Life Cycle Assessment of Electric and Fuel Cell Vehicle Transport Based on Forest Biomass

Use of biomass-based electricity and hydrogen in alternative transport could provide environmentally sustainable transport options with possible improvements in greenhouse gas balance. We perform a life cycle assessment of electric vehicle (EV) and fuel cell vehicle (FCV) powered by bioelectricity and biohydrogen, respectively, derived from Norwegian boreal forest biomass, considering the nonclimate neutrality of biological carbon dioxide (CO2) emissions and alteration in surface albedo resulting from biomass harvesting-both with and without CO2 capture and storage (CCS)-while benchmarking these options against EVs powered by the average European electricity mix.
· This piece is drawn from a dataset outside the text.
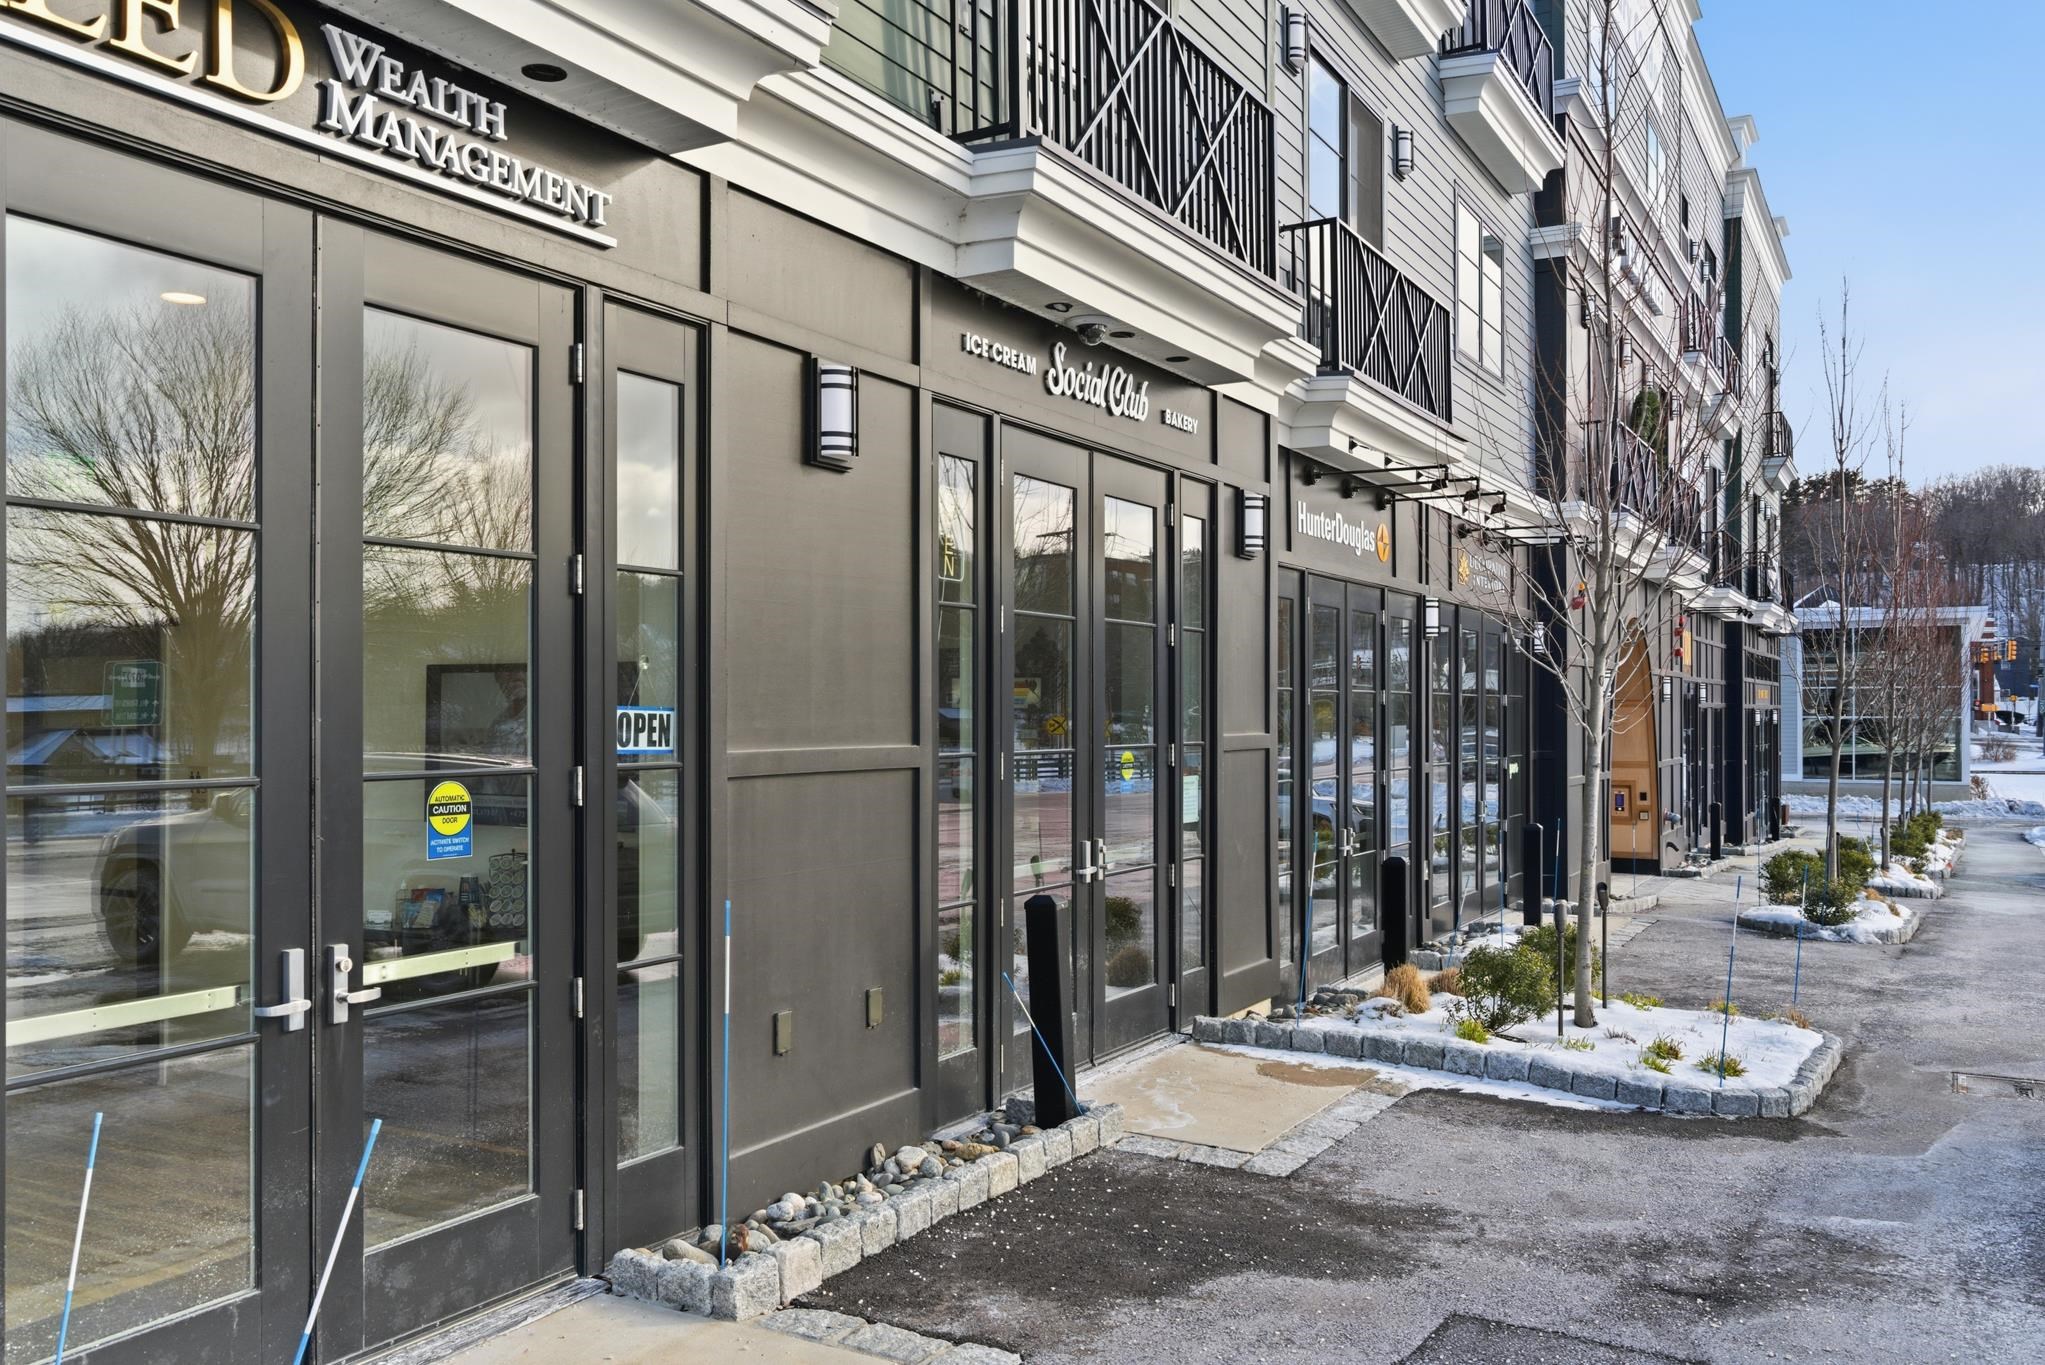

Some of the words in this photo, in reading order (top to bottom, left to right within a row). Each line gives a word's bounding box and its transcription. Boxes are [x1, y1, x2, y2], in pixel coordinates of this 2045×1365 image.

Results show that with due consideration of the countering effects from global warming potential (GWP) factors for biogenic CO2 emissions and change in radiative forcing of the surface for the studied region, bioenergy-based EVs and FCVs provide reductions of approximately 30%, as compared to the reference EV powered by the average European electricity mix. With CCS coupled to bioenergy production, the biomass-based vehicle transport results in a net global warming impact reduction of approximately 110% to 120% (giving negative GWP and creating a climate-cooling benefit from biomass use). Other environmental impacts vary from -60% to +60%, with freshwater eutrophication showing maximum reductions (40% for the EV case and 60% for the FCV case) and photochemical oxidation showing a maximum increase (60% in the FCV value chain).